Abstract

Acquiring data in some fields is formidable and faces challenges such as imbalanced datasets and data scarcity problems during data collection. Made text classification models become more prone to overfitting and bias toward a particular category. Thus, generating an extensive and effective dataset to improve the model performance becomes one of the important research topics. One of the fastest and most effective methods is data augmentation techniques. This study proposes a novel data augmentation method based on topic relevance for text classification. First, the BERT model is applied to generate its semantic vector of the text data, and text similarity analysis is performed in each category to determine the semantic similarity between text contents of the already limited and scarce datasets. Text data with a high correlation with other text data in the same category will then be extracted.
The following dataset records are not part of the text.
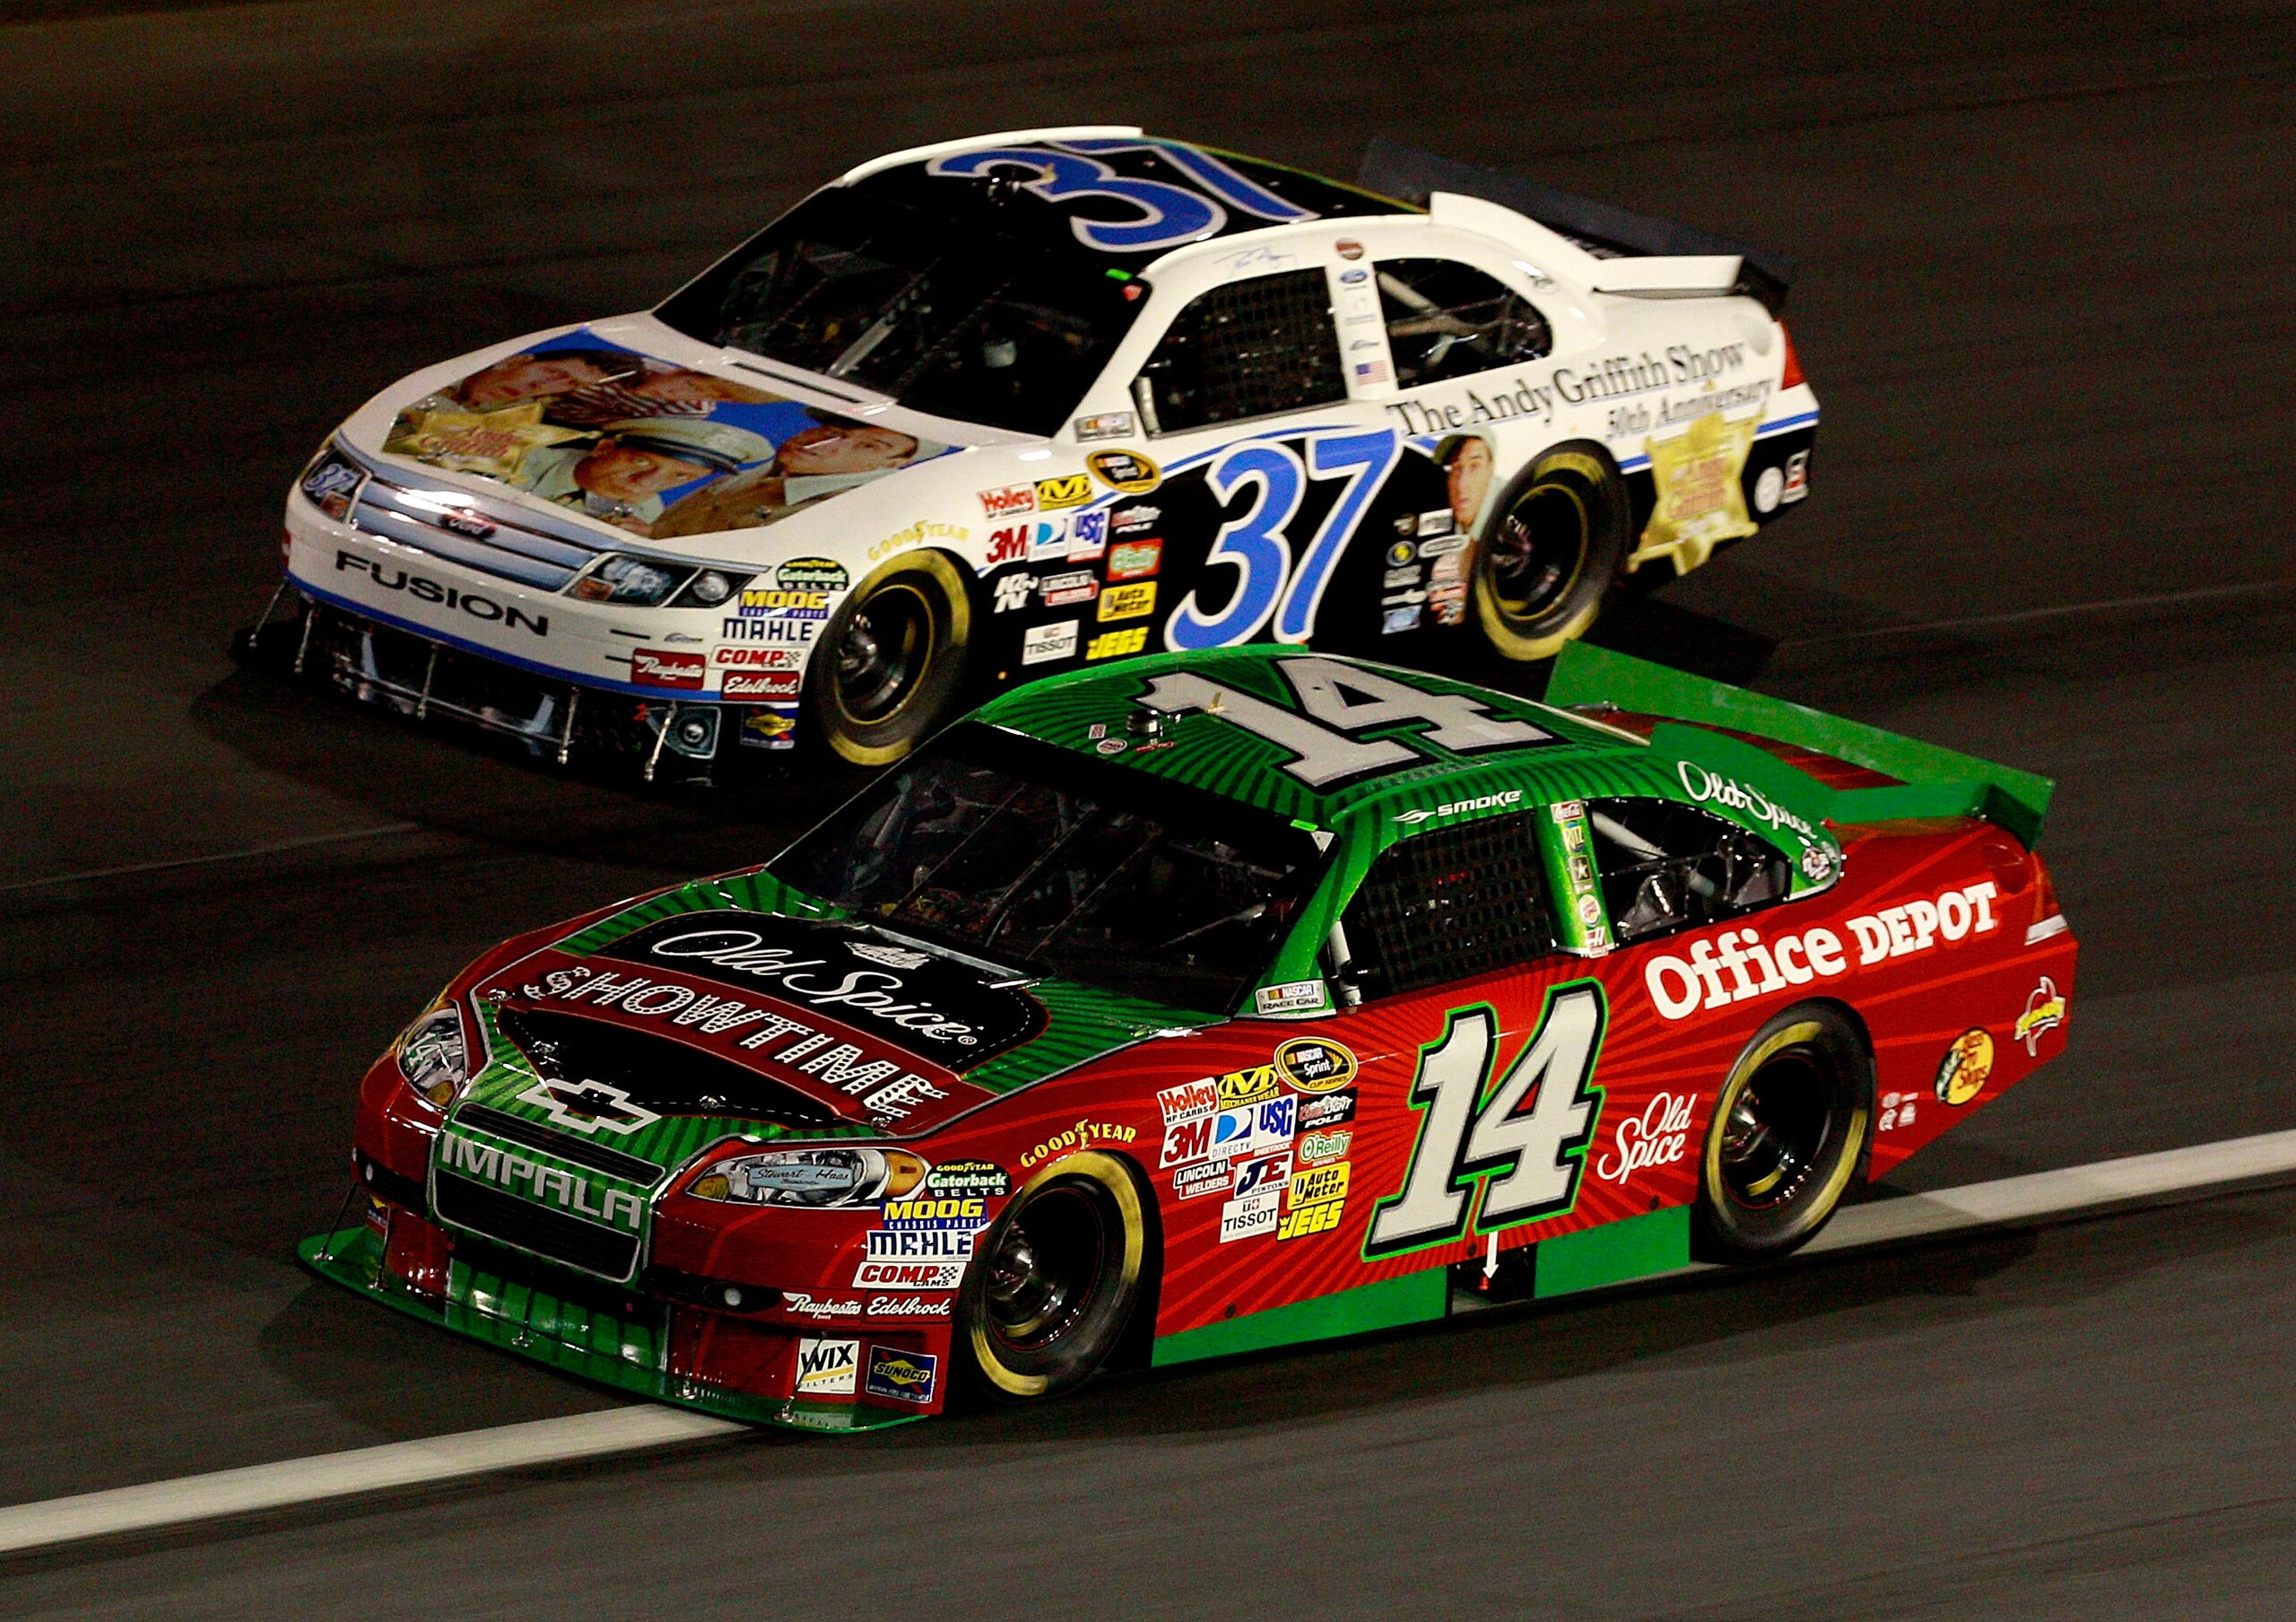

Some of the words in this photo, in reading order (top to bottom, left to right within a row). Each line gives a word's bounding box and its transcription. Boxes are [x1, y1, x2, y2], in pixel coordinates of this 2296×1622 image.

[1387, 401, 1461, 437] The
[1466, 379, 1554, 424] Andy
[1553, 351, 1671, 406] Griffith
[1666, 342, 1747, 383] Show
[304, 463, 355, 494] 37
[987, 524, 1029, 563] 3M
[1163, 426, 1405, 651] 37
[335, 550, 550, 638] FUSION
[740, 590, 827, 610] MOOG
[722, 618, 813, 641] MAHLE
[717, 649, 785, 665] COMP
[1134, 657, 1557, 787] 14
[651, 929, 826, 978] Old
[1644, 927, 1847, 1021] Office
[1848, 881, 1998, 966] DEPOT
[1263, 998, 1295, 1010] RACE
[1296, 997, 1320, 1006] CAR
[524, 966, 952, 1119] SHOWTIME
[1304, 1060, 1331, 1078] Sprint
[1159, 1085, 1217, 1115] Holley
[1179, 1105, 1209, 1120] CARBS
[1259, 1097, 1293, 1138] USG
[1305, 1113, 1344, 1129] POLE
[1369, 986, 1601, 1248] 14
[1642, 1091, 1698, 1141] Old
[1164, 1116, 1213, 1164] 3M
[1213, 1140, 1251, 1158] DIRECTV
[1302, 1134, 1349, 1160] O'Reilly
[1597, 1116, 1686, 1184] Spice
[442, 1132, 642, 1229] IMPALA
[815, 1169, 848, 1181] Haas
[926, 1173, 1006, 1188] Gatorback
[1177, 1160, 1226, 1185] LINCOLN
[1236, 1153, 1291, 1196] JE
[1308, 1169, 1339, 1187] Auto
[935, 1187, 1005, 1197] BELTS
[1186, 1175, 1230, 1195] WELDERS
[1251, 1181, 1290, 1194] PISTONS
[1305, 1182, 1344, 1199] Meter
[883, 1199, 985, 1221] MOOG
[1223, 1208, 1277, 1232] TISSOT
[1277, 1199, 1345, 1241] JEGS
[889, 1219, 938, 1230] CHASSIS
[945, 1218, 984, 1228] PARTS
[868, 1232, 973, 1256] MAHLE
[860, 1265, 942, 1285] COMP
[913, 1279, 950, 1287] CAMS
[783, 1292, 862, 1319] Raybestos
[867, 1296, 952, 1316] Edelbrock
[800, 1343, 857, 1374] WIX
[875, 1363, 930, 1382] SUNOCO
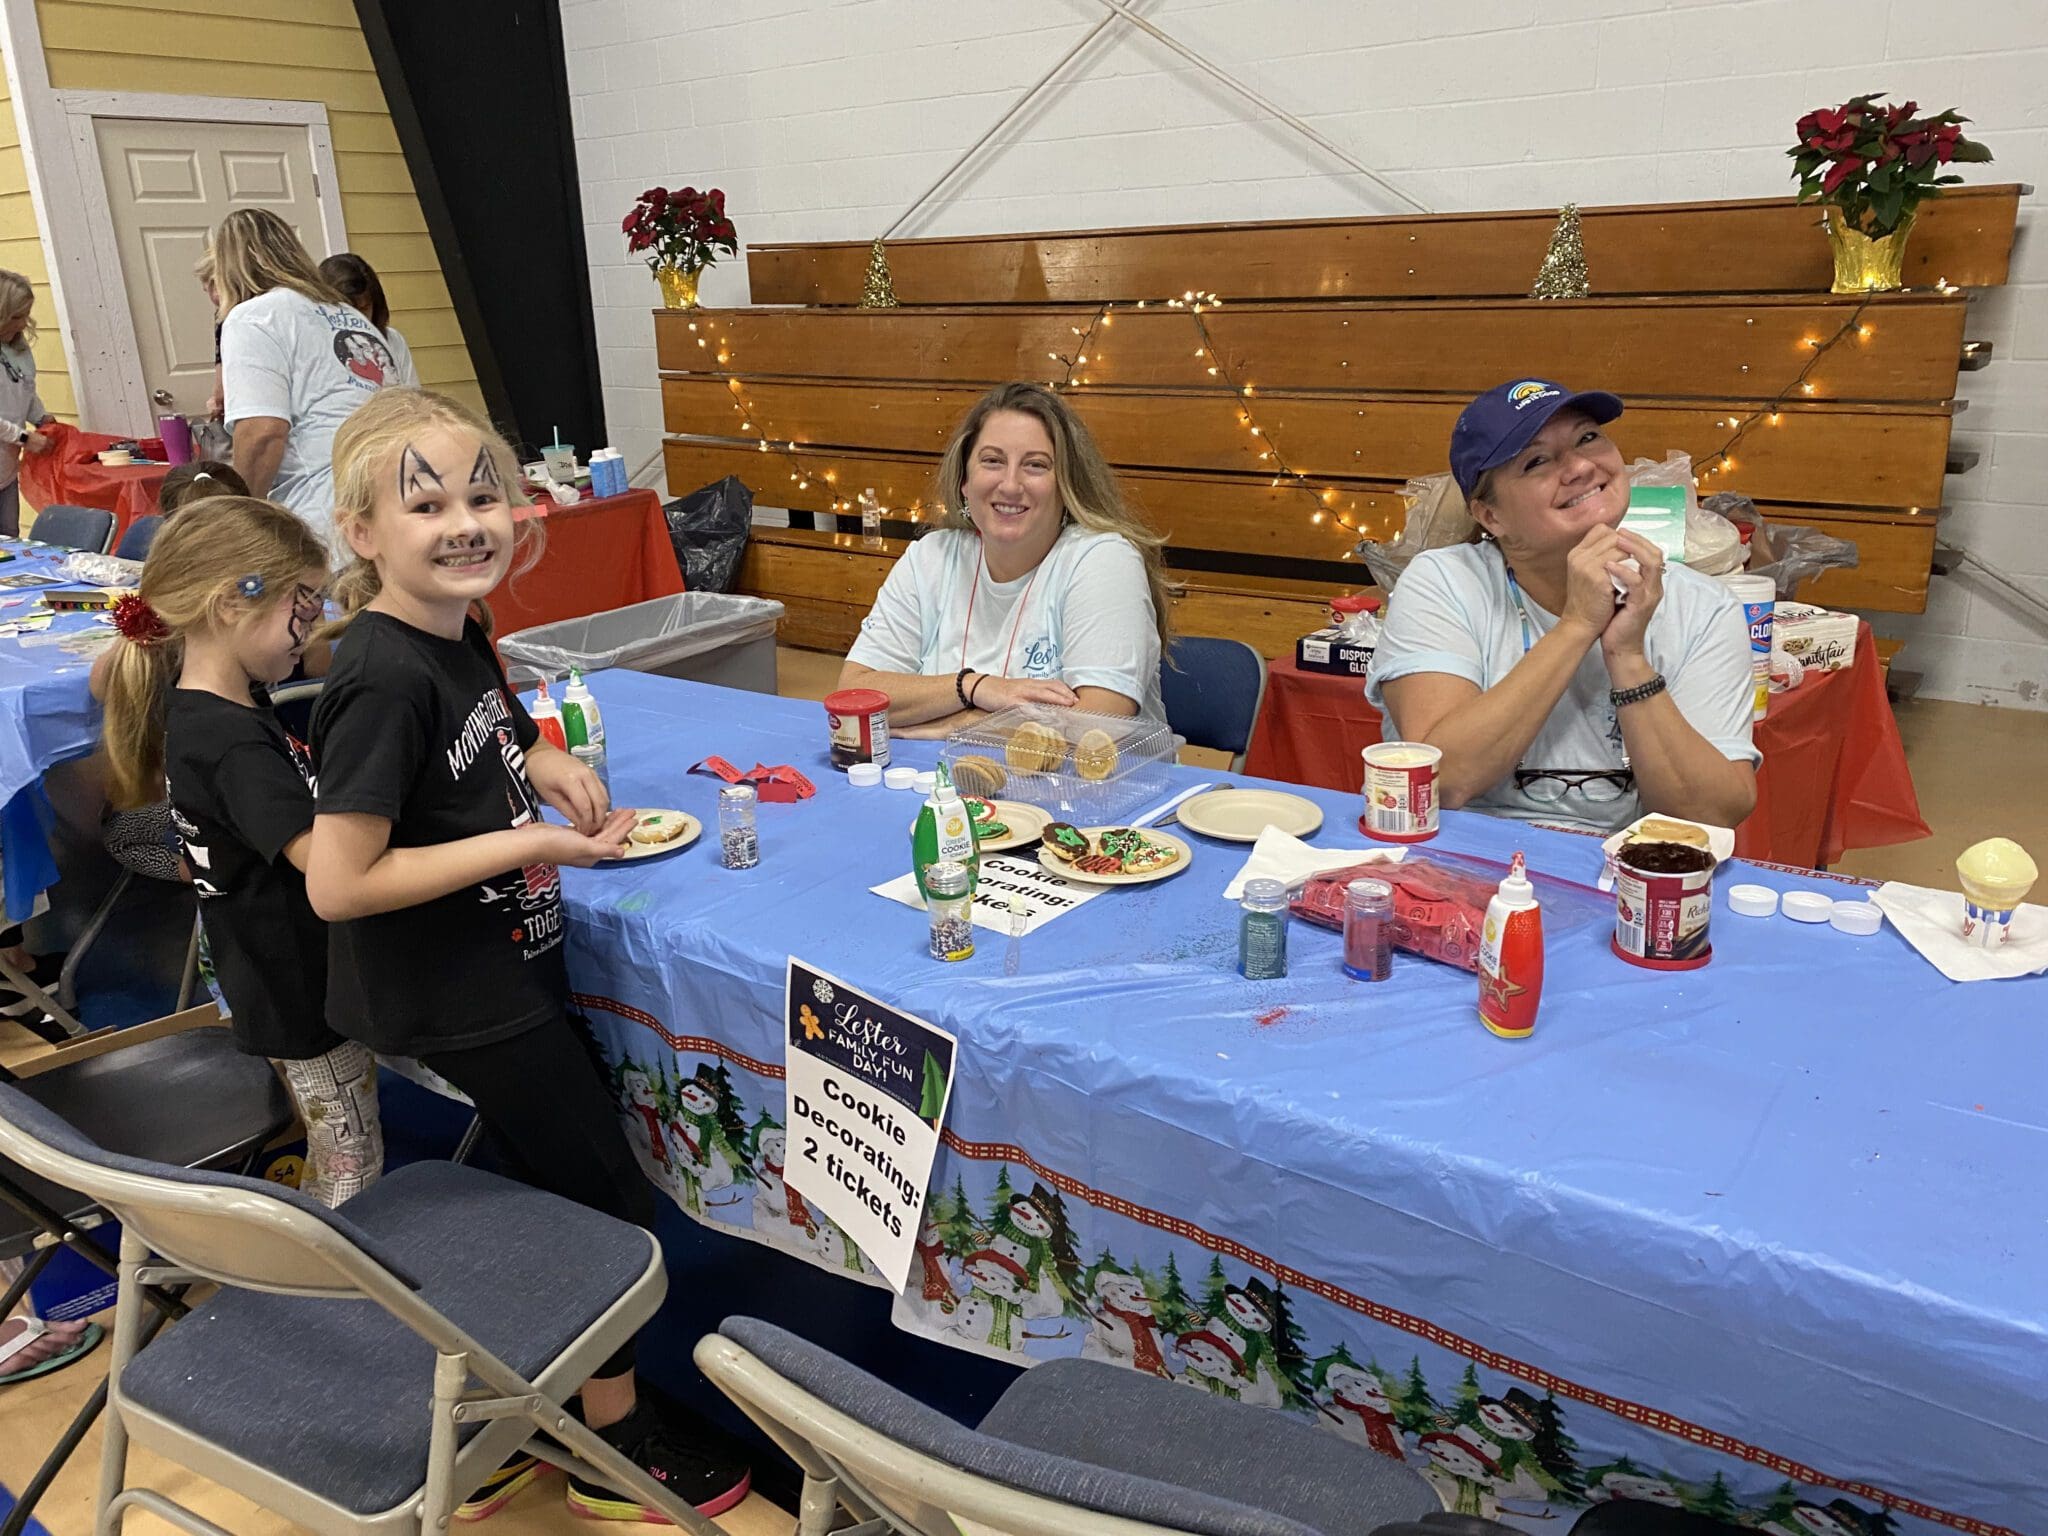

This is because text data that are highly correlated with each other imply that the topic of these texts is most likely to be relevant. Thus, by performing keyword extraction on the most relevant text data to obtain the keywords from these highly correlated text data, these keywords are then shuffled and rejoined to generate massive and new high-quality augmented data. By calibrating the amount of newly generated augmented data according to the degree of balances in each category, the augmented text data may alter the category balance representation. From the experiment, the overall results indicate that with some computational effort, a significant increase in augmented data can not only alleviate the effect caused by imbalanced datasets but also increases the accuracy in text classification when data scarcity is considered.